══ Supplied data ══
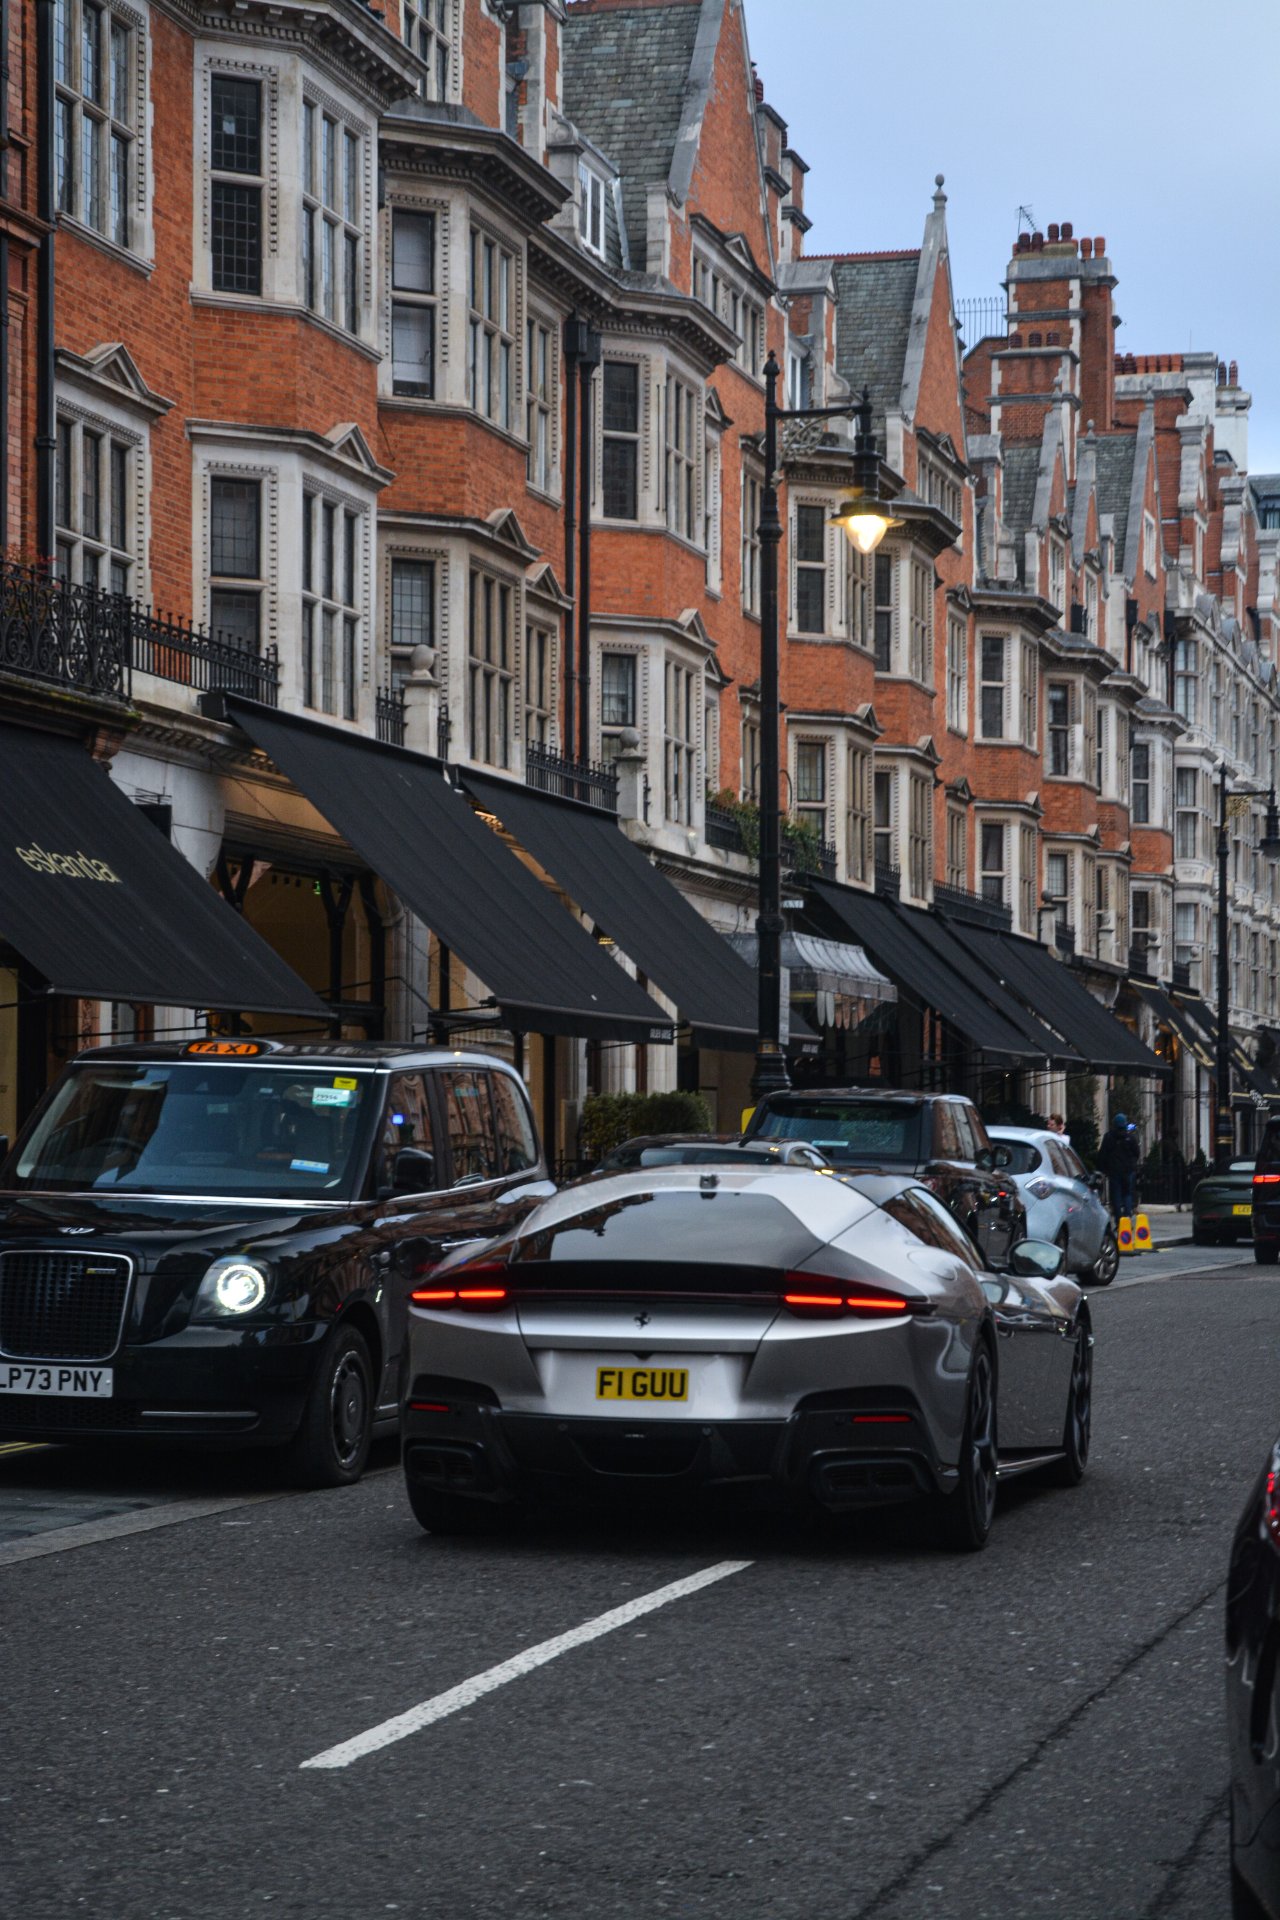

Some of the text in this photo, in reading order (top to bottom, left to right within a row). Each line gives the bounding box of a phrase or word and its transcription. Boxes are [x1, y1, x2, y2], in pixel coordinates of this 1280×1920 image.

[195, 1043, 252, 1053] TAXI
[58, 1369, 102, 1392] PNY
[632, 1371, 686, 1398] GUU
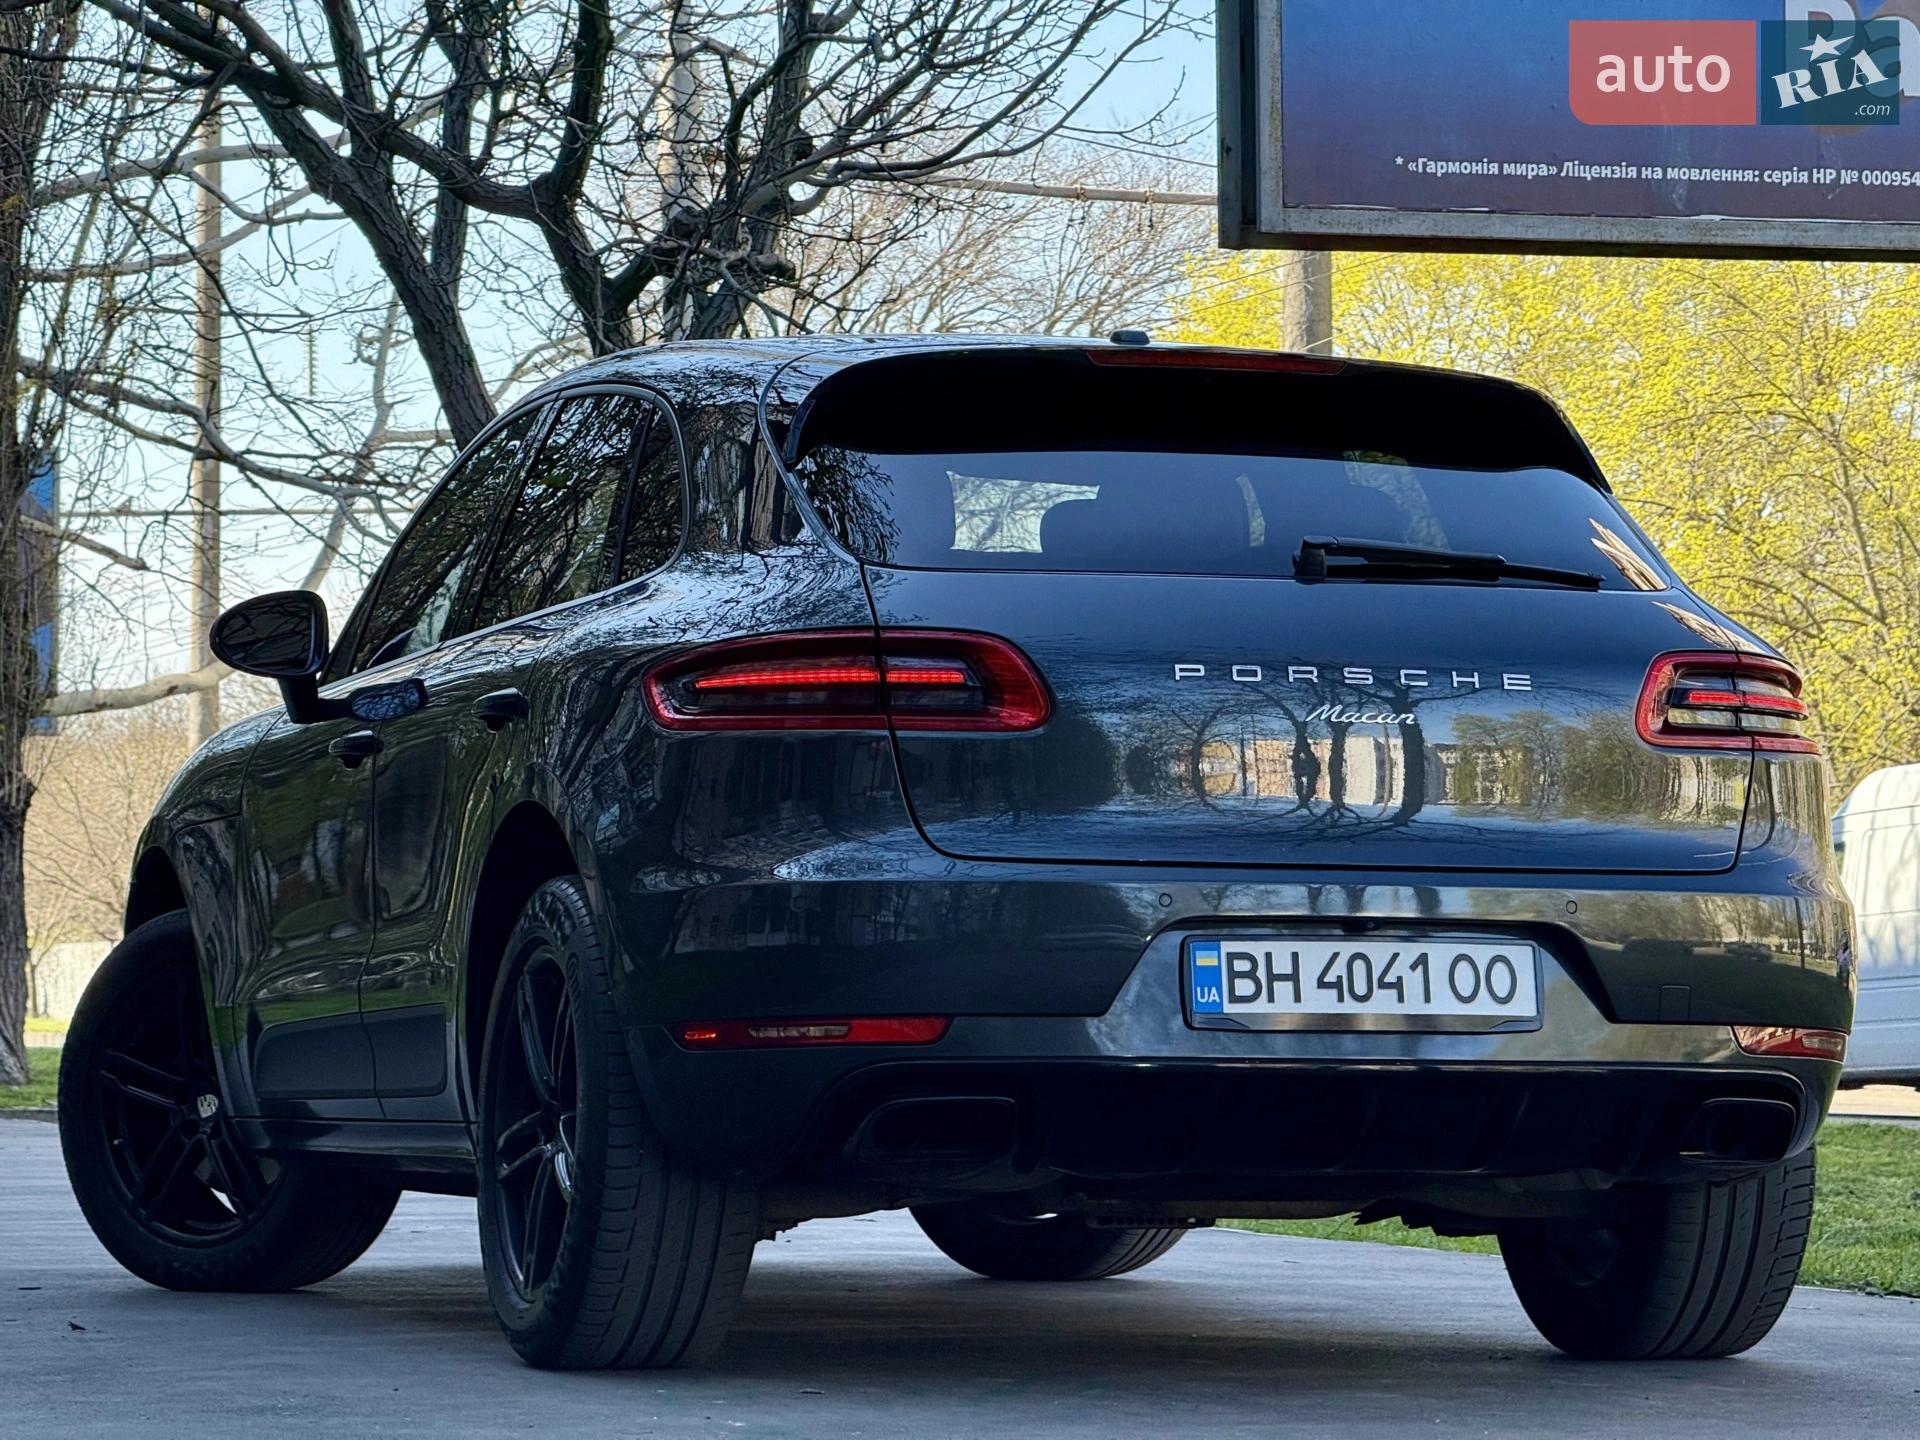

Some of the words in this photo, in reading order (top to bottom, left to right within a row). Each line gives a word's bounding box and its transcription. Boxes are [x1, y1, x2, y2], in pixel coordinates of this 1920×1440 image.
═══
* Aim of the task
Could you set down every entry above exactly as it stands, with no images?

* Exercise result
Some of the text in this photo, in reading order (top to bottom, left to right within a row). Each line gives the bounding box of a phrase or word and its transcription. Boxes are [x1, y1, x2, y2], in pixel coordinates of this 1280×1920 image.

[195, 1043, 252, 1053] TAXI
[58, 1369, 102, 1392] PNY
[632, 1371, 686, 1398] GUU

Some of the words in this photo, in reading order (top to bottom, left to right within a row). Each line gives a word's bounding box and its transcription. Boxes are [x1, y1, x2, y2], in pixel coordinates of this 1920×1440 image.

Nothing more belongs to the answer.